Your instructions:
Print all of the data exactly, but drop the pictures.

Entries shown:
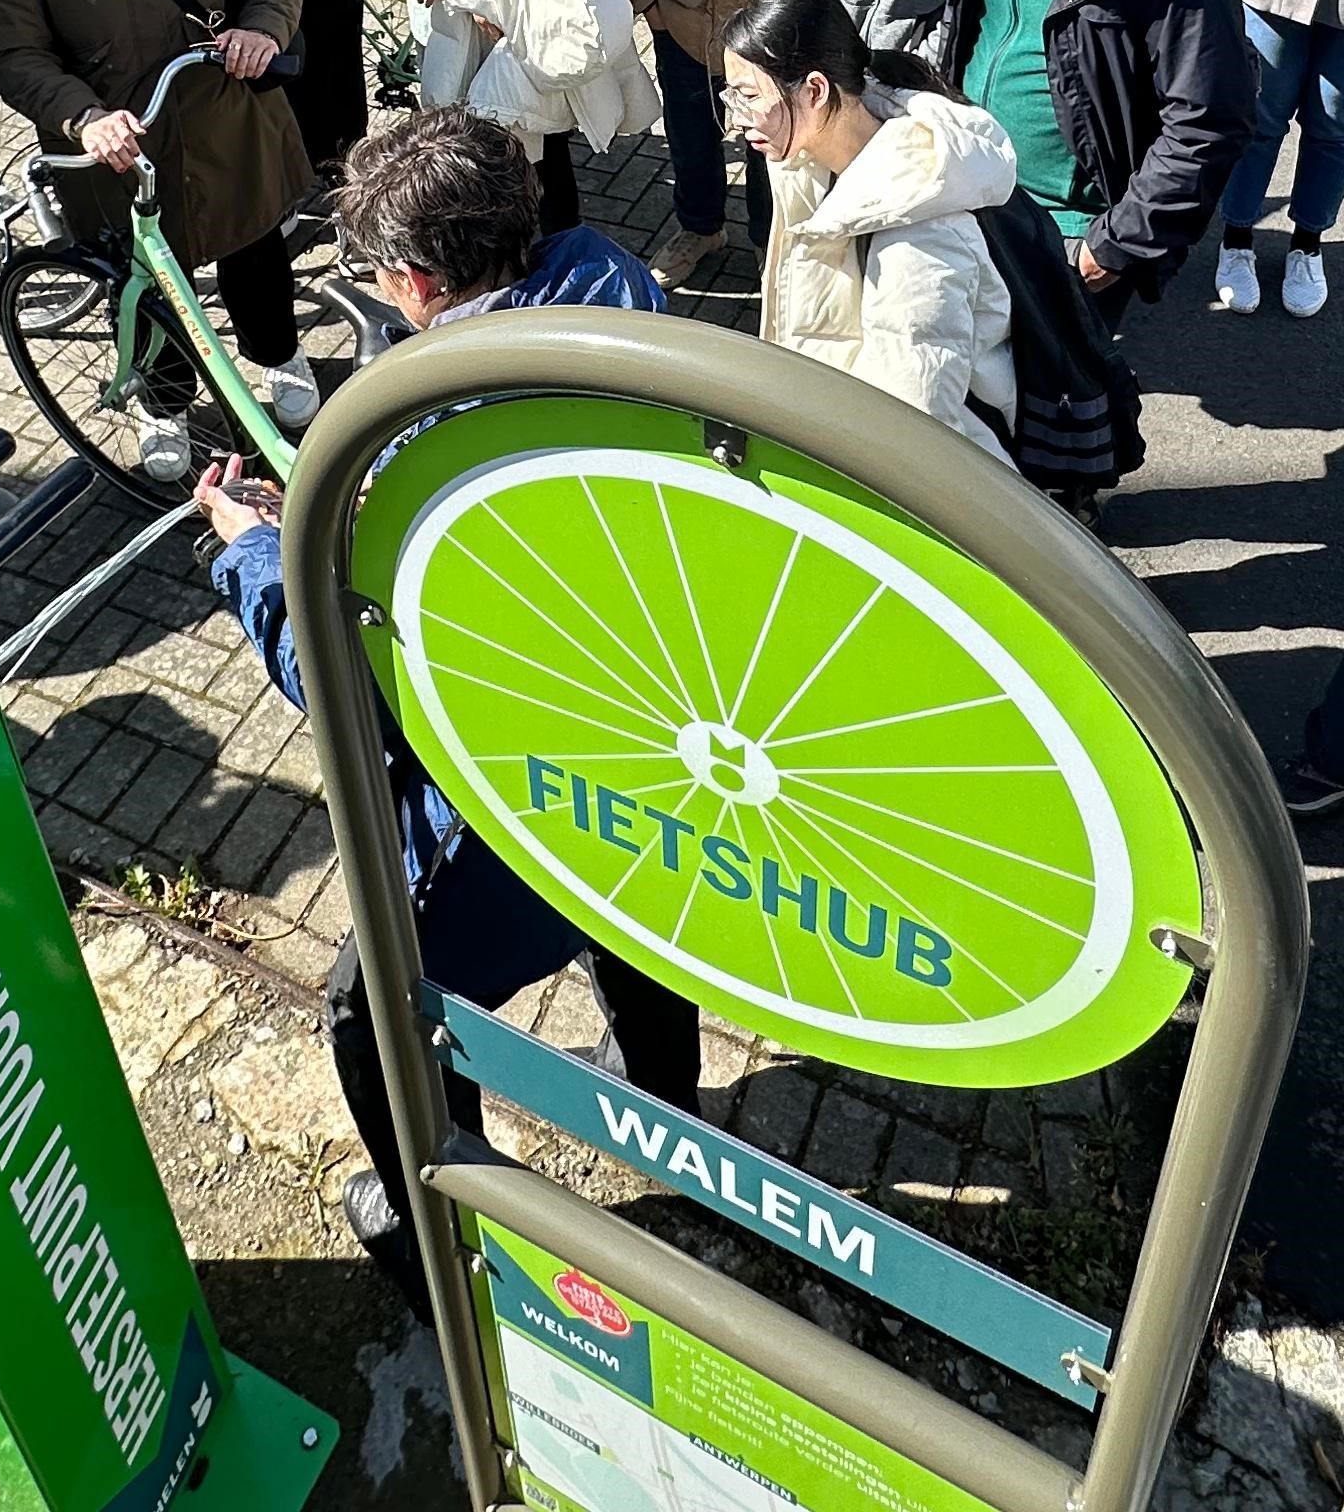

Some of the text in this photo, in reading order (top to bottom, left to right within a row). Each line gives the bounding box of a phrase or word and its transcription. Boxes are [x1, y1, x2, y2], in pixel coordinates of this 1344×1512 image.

[526, 755, 954, 988] FIETSHUB
[596, 1092, 876, 1276] WALEM
[9, 1124, 166, 1467] HERSTELPUNT
[520, 1301, 621, 1373] WELKOM
[661, 1327, 697, 1355] Hier
[701, 1354, 731, 1377] kan
[510, 1392, 596, 1452] WILLEBROEK
[711, 1369, 775, 1416] banden
[692, 1436, 793, 1503] ANTWERPEN
[711, 1395, 790, 1448] fietsroute
[794, 1444, 851, 1483] verder
[724, 1390, 777, 1428] kleine
[781, 1424, 901, 1501] herstellingen

Finished exercise:
Some of the text in this photo, in reading order (top to bottom, left to right within a row). Each line gives the bounding box of a phrase or word and its transcription. Boxes are [x1, y1, x2, y2], in pixel coordinates of this 1344×1512 image.

[526, 755, 954, 988] FIETSHUB
[596, 1092, 876, 1276] WALEM
[9, 1124, 166, 1467] HERSTELPUNT
[520, 1301, 621, 1373] WELKOM
[661, 1327, 697, 1355] Hier
[701, 1354, 731, 1377] kan
[510, 1392, 596, 1452] WILLEBROEK
[711, 1369, 775, 1416] banden
[692, 1436, 793, 1503] ANTWERPEN
[711, 1395, 790, 1448] fietsroute
[794, 1444, 851, 1483] verder
[724, 1390, 777, 1428] kleine
[781, 1424, 901, 1501] herstellingen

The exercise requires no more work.